Алесь пожал плечами. Отодвинул немытую девку. Стоило возиться… пусть помирает… Нужна она, жаль! И насилой не возьмешь…

– Спалю! – сказал он. – Все спалю, и оставайся.

– Злы…день ты.

– Был бы я злыдень, – он развернулся, как тетива, – взял бы младеня в погосте и прирезал на капище. Малого прошу. Дай. В последний раз. Землей клянусь, в последний. Ты не почувствуешь даже.

Девка скособочилась в тени, раскачиваясь и тихонько воя, космыли падали на лицо.

– Вот тут, – прижала она вдруг ладошку к сердцу, – птице больно. Рвется!

– Ты просто спятила, – Алесь безнадежно сел на колоду у огня. – Столько лет столько людей проливают кровь за святое дело. Сидишь тут, прикидываешься блаженной. Стерва ты, Улька. Сестру забыла?!

Он вынул ладанку из-за пазухи:

– Тут земля с ее могилы.

– Нет.

– Я тебе никогда не врал. "Стража" своим не лжет.

– Я не ваша.

– А чья же? Не ведьма, нет? Тринадцать лет в марце, так? Кто тебя из-подо льда вытащил?

– Помню.

– Вот и гляди, – он привалился к стене. Из отвора-оконца тянуло прелью, плесенью и грибами, крапивой, папоротником. Князь сидел спокойно.Словно время не подгоняло . Словно он заехал к любке в янтарный терем. Время было его.

Девка сновала по землянке, раздувала угольки, терла миску песком: но каждое движение ее было нарочитым и словно оборванным. Алесь ждал. Медленно достал из кармана склянку, откупорил, покачал в ладони, любуясь на сверкающее содержимое. Столь же неторопливо достал нож, прокалил над огнем.

– Нет. Нельзя навьев подымать. Грех.

– Прекратите, панна Маржецкая.

Властно взял Ульку за хрупкое плечо, разорвал ветхий рукав, чистой тряпкой обмыл кожу на локте.

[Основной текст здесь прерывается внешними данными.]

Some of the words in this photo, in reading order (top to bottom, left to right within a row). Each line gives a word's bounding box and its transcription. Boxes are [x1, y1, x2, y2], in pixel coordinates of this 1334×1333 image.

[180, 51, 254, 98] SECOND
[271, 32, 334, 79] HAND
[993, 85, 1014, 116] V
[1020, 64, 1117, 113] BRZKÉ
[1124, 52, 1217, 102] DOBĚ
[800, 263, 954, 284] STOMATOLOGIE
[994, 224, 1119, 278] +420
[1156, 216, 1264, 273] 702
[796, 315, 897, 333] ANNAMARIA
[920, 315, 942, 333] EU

– Грех здрады на твоей сестре. Не хочешь Северину спасти? Ведь из-за нее Игнася расстреляли. И тот генерал, каратель, приезжал на ее могилу.

– Неправда! Не-ет…

Лейтава, Краславка, 1830, середина августа

Адам Цванцигер, прямой наследник коменданта Двайнабургского Франциска Цванцигера, командор Краславской прецептории, барон, маршалок Люцинский, снял соломенную шляпу и вытер вспотевший лоб. На платке осталась черная полоса.

– Так что больше копать не будем, – вклинился в размышления голос Гервасия, артельного головы, третий месяц работающего с паном на раскопах. – Потому как грех. Пан ксендз говорил с амвона, что грех, долокопство и разрывание могил то есть.

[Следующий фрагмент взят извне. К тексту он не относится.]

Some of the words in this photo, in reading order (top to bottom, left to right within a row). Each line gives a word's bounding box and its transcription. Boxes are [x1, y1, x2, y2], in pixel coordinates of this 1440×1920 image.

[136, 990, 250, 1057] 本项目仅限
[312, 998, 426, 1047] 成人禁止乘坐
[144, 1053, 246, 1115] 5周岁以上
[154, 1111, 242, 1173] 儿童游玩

Упарившись от столь длинной речи, бородатый Гервасий замолк. Как стена.

Пан Адась судорожным движением ткнул пенсне и оглянулся на виленского профессора отдаленной истории. Толстый профессор то и дело вытирал обильно текущий по лысине пот и прикладывался к бутылке с сидром, засунутой в ведерко с водой. На умоляющий взор хозяина Краславки он только развел ручками. Что вы хотите, мужики, варвары, лейтвины. Отчаясь уговорить мужиков, пан Адась махнул рукой: а, все к черту! – и плюхнулся рядом с профессором на траву. После спиноломных мучений сидеть было удивительно приятно. В траве пестрели цветочки, трещали кузнечики и солнце, подбираясь к зениту, сулило скорый обед.

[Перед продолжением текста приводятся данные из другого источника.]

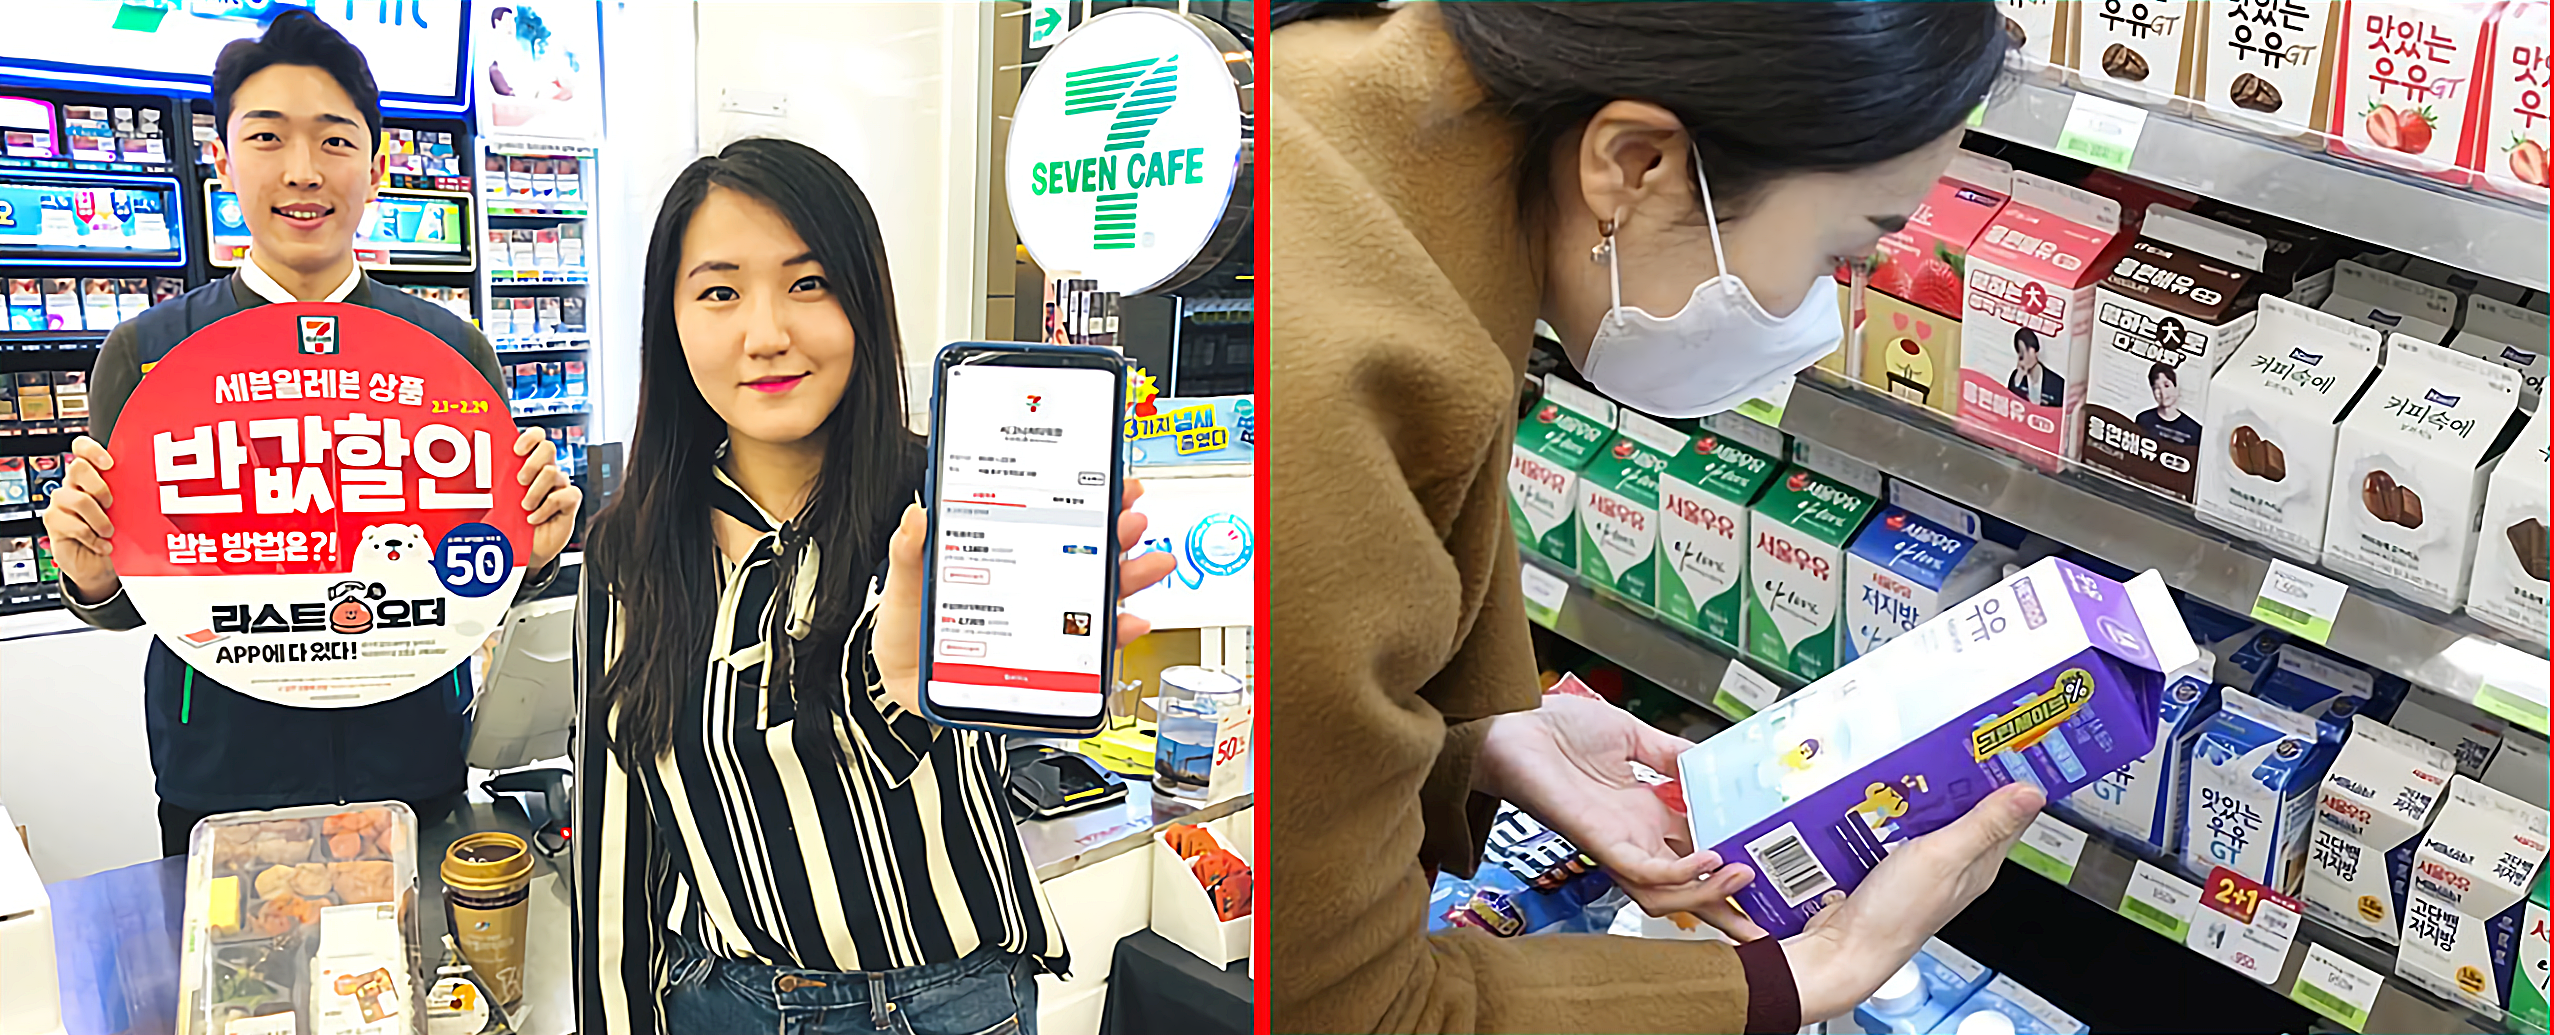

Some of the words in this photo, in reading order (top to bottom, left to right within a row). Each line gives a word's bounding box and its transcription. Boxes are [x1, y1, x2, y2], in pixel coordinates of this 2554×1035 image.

[2367, 15, 2457, 64] 맛있는
[2514, 90, 2550, 128] 우
[1032, 155, 1117, 196] SEVEN
[1127, 147, 1204, 189] CAFE
[215, 369, 360, 404] 세븐일레븐
[368, 374, 424, 406] 상품
[2251, 355, 2335, 395] 커피속에
[2384, 396, 2475, 438] 커피속에
[153, 412, 494, 515] 반값할인
[167, 532, 219, 565] 받는
[221, 531, 337, 564] 방법은?!
[446, 545, 504, 586] 50
[212, 602, 326, 635] 라스트
[376, 598, 445, 629] 오더
[1861, 584, 1920, 632] 저지방
[1965, 598, 2006, 642] 우유
[215, 643, 284, 664] APP에
[2093, 782, 2127, 806] GT
[2206, 815, 2249, 849] 우유
[2314, 829, 2362, 862] 고단백
[2210, 840, 2242, 865] GT
[2312, 848, 2358, 882] 저지방
[2214, 878, 2259, 914] 2+1
[2410, 897, 2460, 931] 고단백
[2408, 916, 2457, 952] 저지방

– Так что пан прикажет, – дипломатично кашлянул над ухом Гервасий. – Закапывать?

– Почему – закапывать? – этот невинный девичий голосок заставил артельщиков побледнеть, а пана Адася – покраснеть, вскочить и снова рвануть пенсне. Один профессор мирно хлебал сидр, не понимая причины переполоха.

– Э-э… – сказал барон Цванцигер. – Профессор отдаленной истории Долбик-Воробей. Франциска-Цецилия, моя племянница.

Профессор кивнул не вставая и просопел что-то, к случаю приличествующее. Перед ним стояла невинная девица семнадцати, должно быть, лет, совершенно обыкновенная: пухленькая, румяная, с собранными по еллинской моде в узел на темени волосами; когда она встряхивала головой, тугие локоны, свисающие вдоль ушек, колыхались, как у озорной спаниелихи. На Фране было хлопчатое в мелкий цветочек платье, соломенную шляпку с лентой и букетик диких гвоздик она держала в руке.

– Почему – закапывать? – строго повторила паненка.

Теперь побледнел пан Адась, а покраснели мужики.

– Мракобесие, – фыркнул профессор.

Девушка уронила гвоздички и шляпку ему на колени.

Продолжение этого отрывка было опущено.